Inoue Yuji, Kadonosono Kazuaki, Yamakawa Tadashi, Uchio Eiichi, Watanabe Yoichiro, Yanagi Yasuo, Tamaki Yasuhiro, Araie Makoto
Department of Ophthalmology, School of Medicine, University of Tokyo, Tokyo, Japan.
Retina. 2009 Apr;29(4):477-80. doi: 10.1097/IAE.0b013e31819a6004.
To evaluate postoperative intraocular inflammation induced in rabbit eyes subjected to surgery using different vitrectomy systems.
The 20-, 23-, and 25-gauge vitrectomy were performed on a total of 12 rabbit eyes, divided into 3 respective groups, and 4 rabbit eyes were used as a normal control group. The surgery consisted of posterior vitreous detachment induction and core vitrectomy. The main outcome measures were operative time, volume of balanced saline solution consumed and the intravitreal total protein concentration, determined by bicinchoninic acid protein assays, obtained by vitreous tap on postoperative days 1, 3, and 7.

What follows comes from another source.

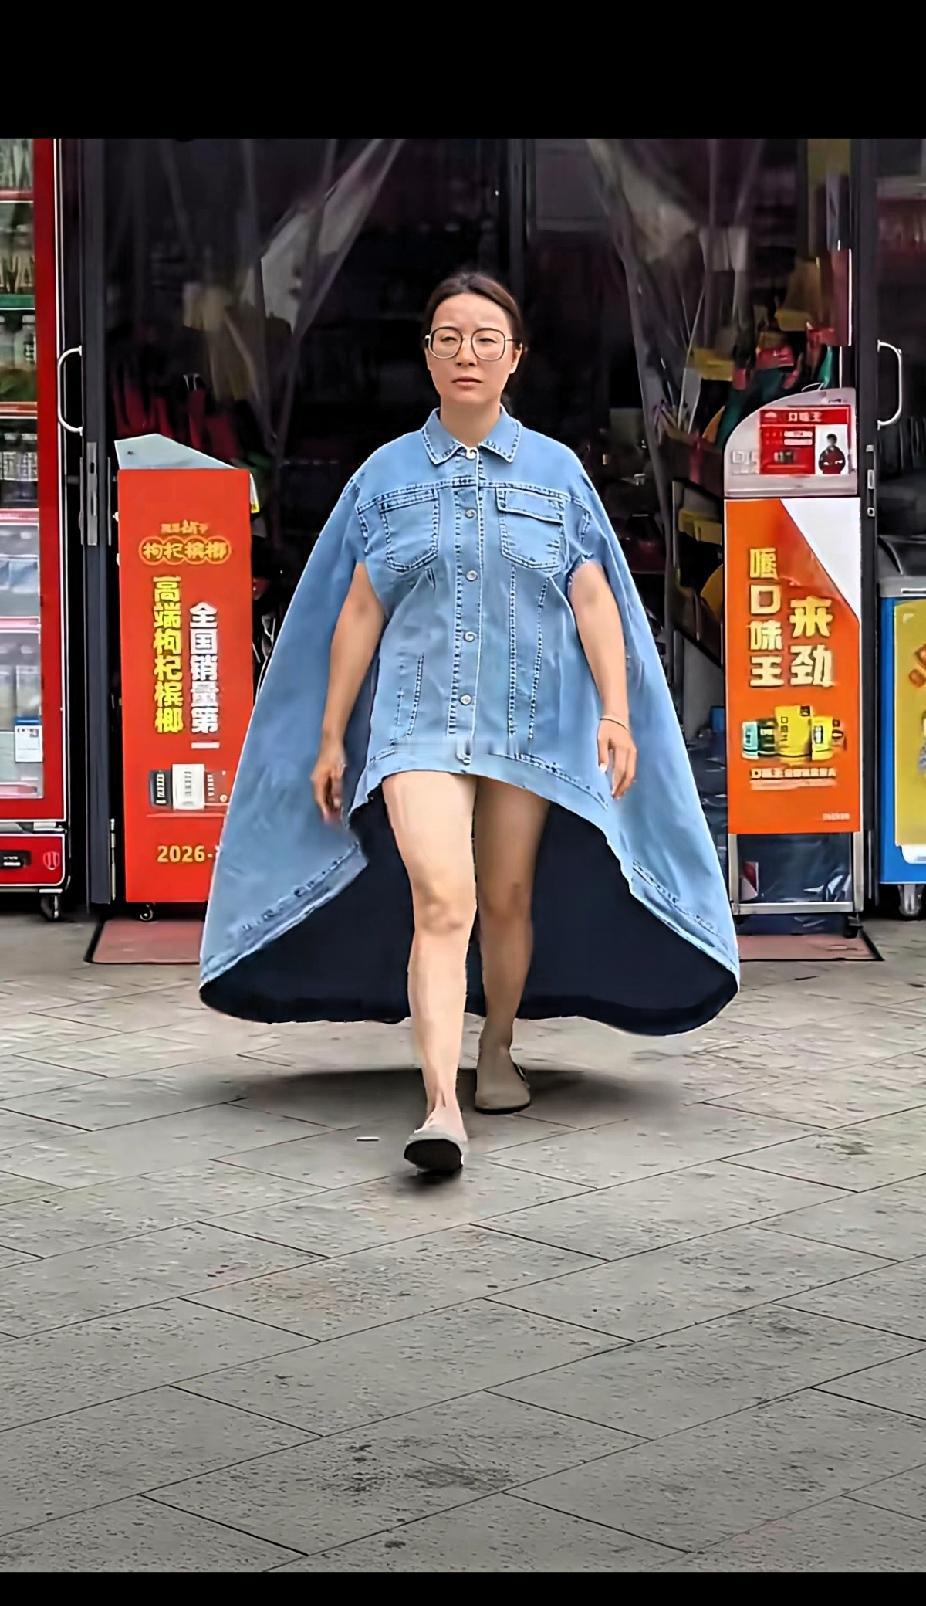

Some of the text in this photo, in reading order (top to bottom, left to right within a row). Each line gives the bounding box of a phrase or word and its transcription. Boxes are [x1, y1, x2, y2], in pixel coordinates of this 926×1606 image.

[153, 575, 184, 733] 高端枸杞槟榔
[189, 602, 220, 749] 全国销量第一
[788, 596, 835, 688] 来劲
[157, 845, 220, 863] 2026-

The intravitreal protein averages in the 20-, 23-, and 25-gauge vitrectomy groups were, respectively, 31 +/- 4.1, 21 +/- 2.3, and 7 +/- 3.4 mg/mL on postoperative Day 1 (0.13 +/- 0.02 mg/mL in the control eye). The intravitreal protein concentration level was significantly lower with the 25-gauge than with 20- or 23-gauge vitrectomy (P < 0.001), and there were no significant differences in intravitreal protein between the 20- and 23-gauge system on postoperative days 1 and 3. At 7 days postoperatively, there were no significant differences in the intravitreal protein levels among the three groups. Significantly less balanced saline solution was consumed in the 25-gauge vitrectomy group (P < 0.001).

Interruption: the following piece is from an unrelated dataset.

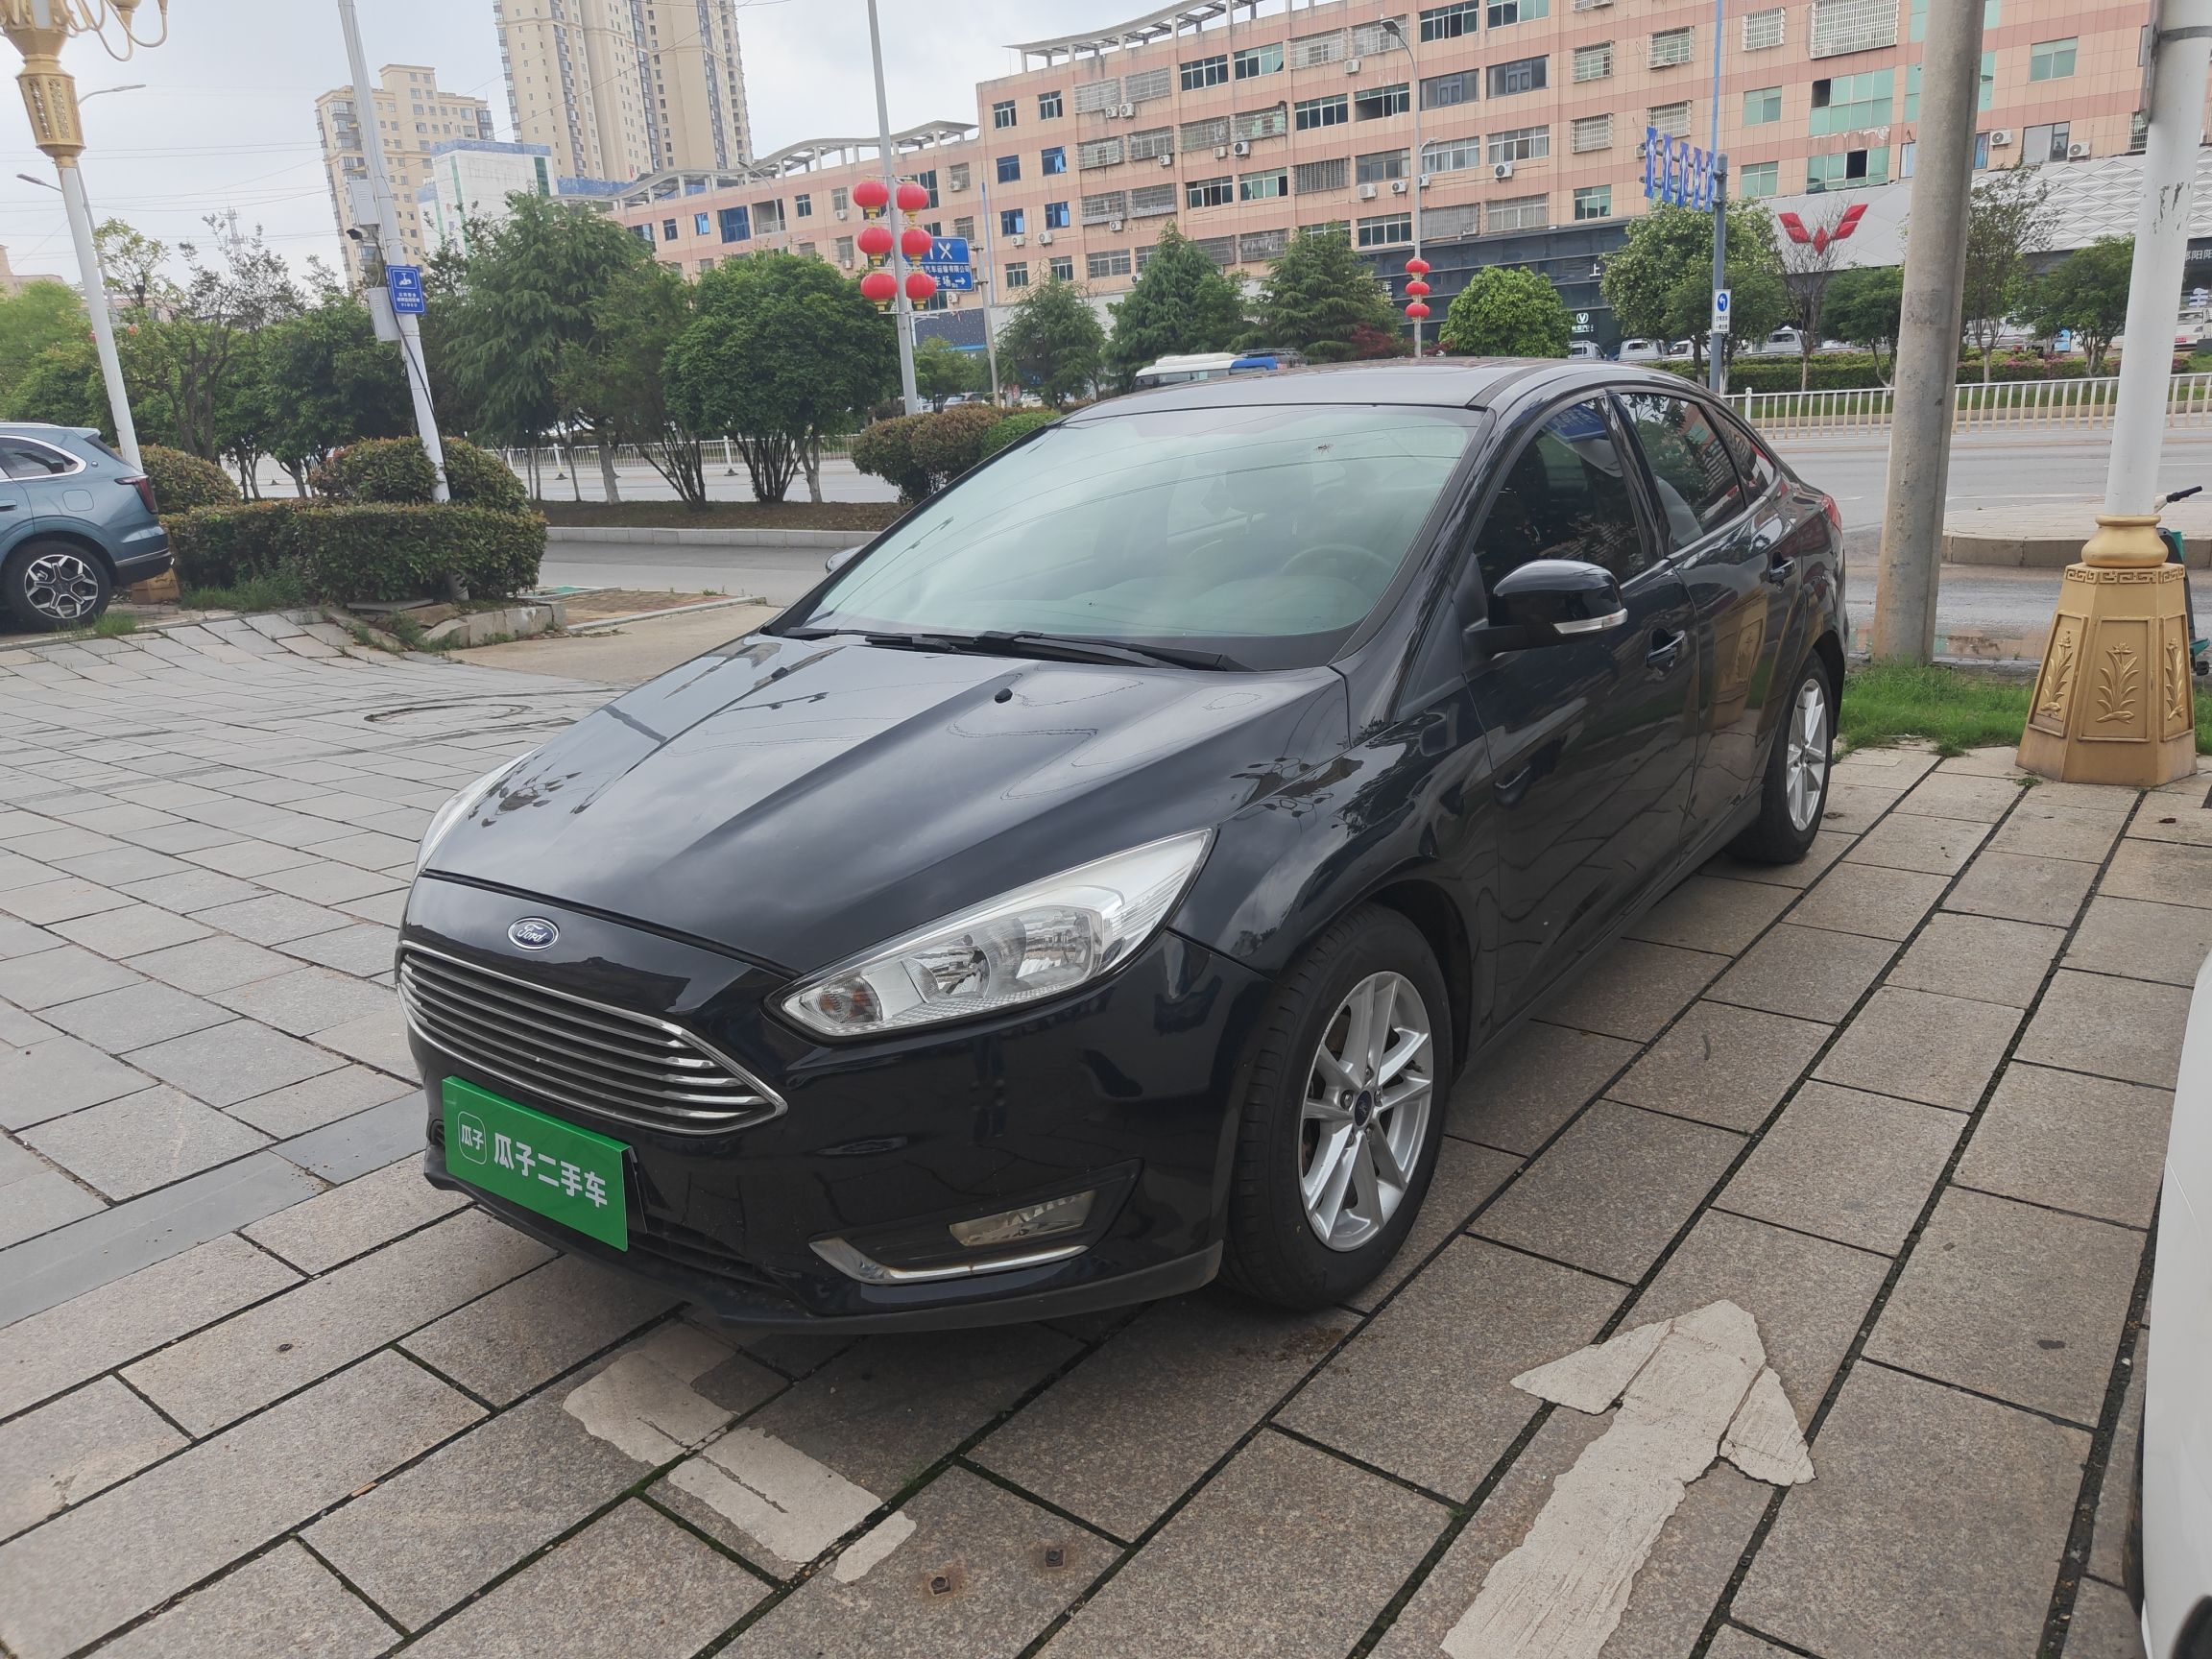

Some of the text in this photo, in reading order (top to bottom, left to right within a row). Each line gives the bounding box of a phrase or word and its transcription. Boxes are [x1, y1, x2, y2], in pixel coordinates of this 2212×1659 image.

[517, 924, 548, 943] Ford
[461, 1124, 484, 1150] 瓜子
[493, 1132, 608, 1208] 瓜子二手车

Postoperative intraocular inflammation can vary among vitrectomy systems. A smaller gauge can minimize the inflammation associated with vitrectomy.

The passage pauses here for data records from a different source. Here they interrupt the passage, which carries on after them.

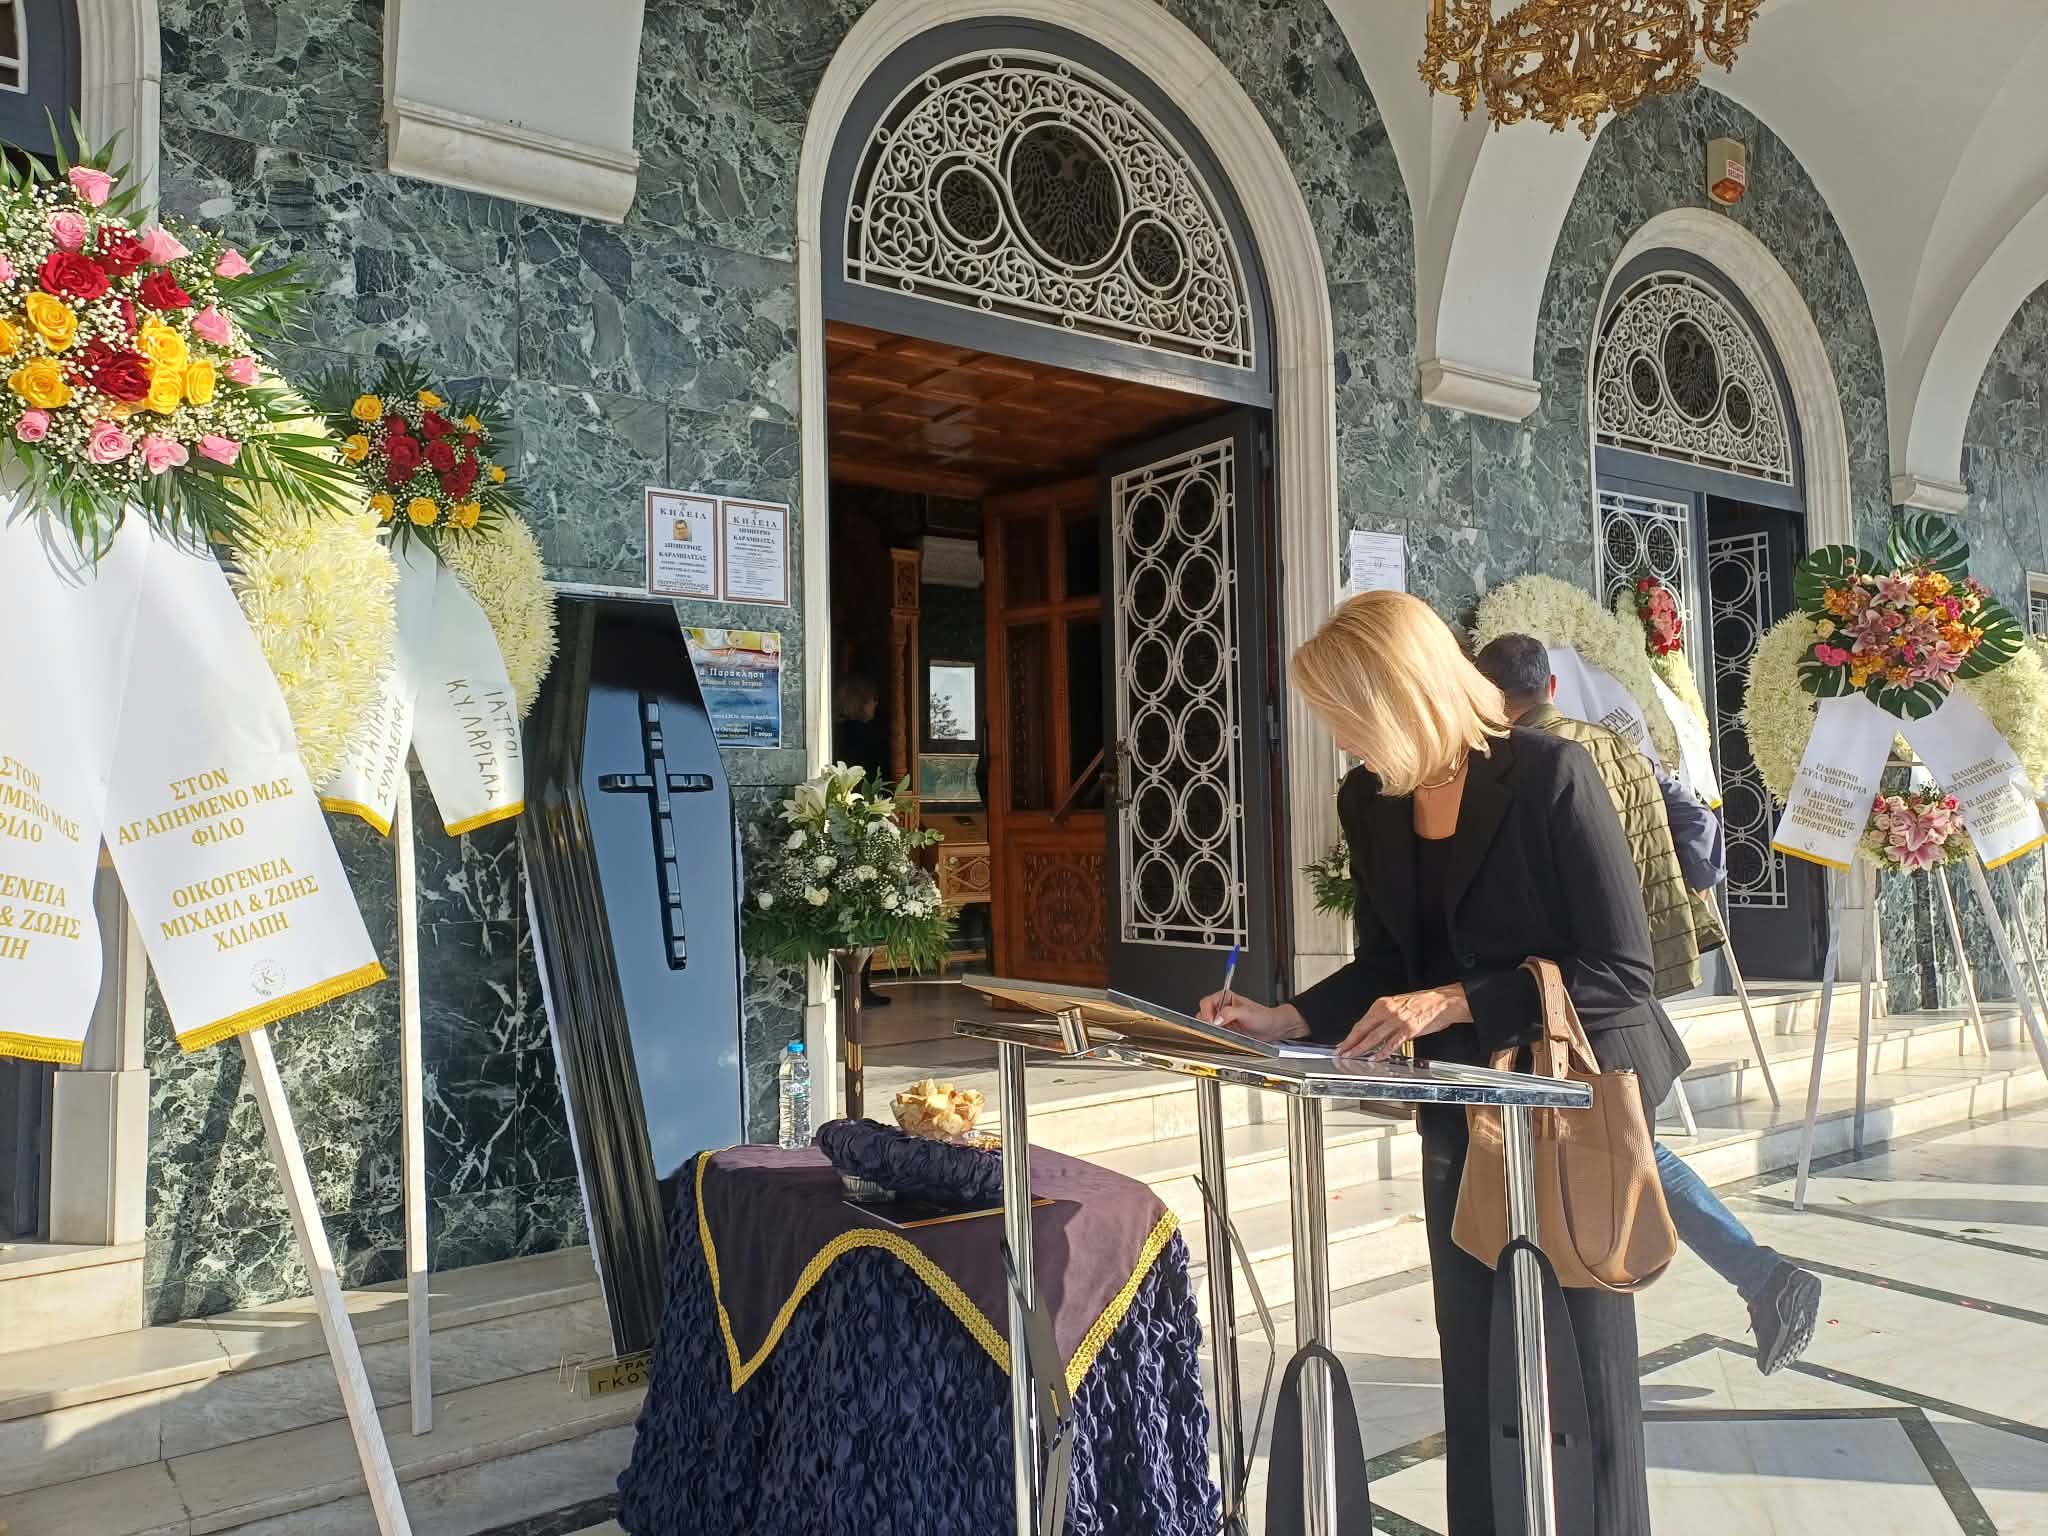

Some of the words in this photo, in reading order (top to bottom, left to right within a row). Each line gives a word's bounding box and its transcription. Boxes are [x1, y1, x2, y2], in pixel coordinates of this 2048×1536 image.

[660, 508, 707, 520] ΚΗΔΕΙΑ
[733, 516, 777, 528] ΚΗΔΕΙΑ
[484, 690, 520, 759] ΙΑΤΡΟΙ
[0, 756, 41, 794] ΣΤΟΝ
[169, 767, 230, 801] ΣΤΟΝ
[118, 789, 249, 845] ΑΓΑΠΗΜΕΝΟ
[251, 777, 294, 804] ΜΑΣ
[1807, 798, 1825, 811] ΤΗΣ
[51, 809, 80, 844] ΜΑΣ
[191, 816, 246, 847] ΦΙΛΟ
[0, 873, 66, 908] ΕΝΕΙΑ
[171, 857, 294, 908] ΟΙΚΟΓΕΝΕΙΑ
[19, 908, 81, 940] ΖΩΗΣ
[159, 898, 246, 941] ΜΙΧΑΗΛ
[249, 893, 265, 913] &
[264, 875, 320, 908] ΖΩΗΣ
[213, 911, 290, 952] ΧΛΙΑΠΗ

评估使用不同玻璃体切割系统对兔眼进行手术后诱导的术后眼内炎症。
对总共12只兔眼进行20G、23G和25G玻璃体切割术,分别分为3组,4只兔眼作为正常对照组。手术包括诱导玻璃体后脱离和核心玻璃体切割术。主要观察指标为手术时间、平衡盐溶液消耗量以及通过双缩脲酸蛋白测定法测定的玻璃体腔内总蛋白浓度,在术后第1天、第3天和第7天通过玻璃体穿刺获取。
术后第1天,20G、23G和25G玻璃体切割术组的玻璃体腔内蛋白平均值分别为31±4.1、21±2.3和7±3.4mg/mL(对照眼为0.13±0.02mg/mL)。25G玻璃体切割术的玻璃体腔内蛋白浓度水平显著低于20G或23G玻璃体切割术(P<0.001),术后第1天和第3天,20G和23G系统之间的玻璃体腔内蛋白无显著差异。术后7天,三组之间的玻璃体腔内蛋白水平无显著差异。25G玻璃体切割术组消耗的平衡盐溶液显著更少(P<0.001)。
不同玻璃体切割系统的术后眼内炎症可能有所不同。较小的规格可以将与玻璃体切割术相关的炎症降至最低。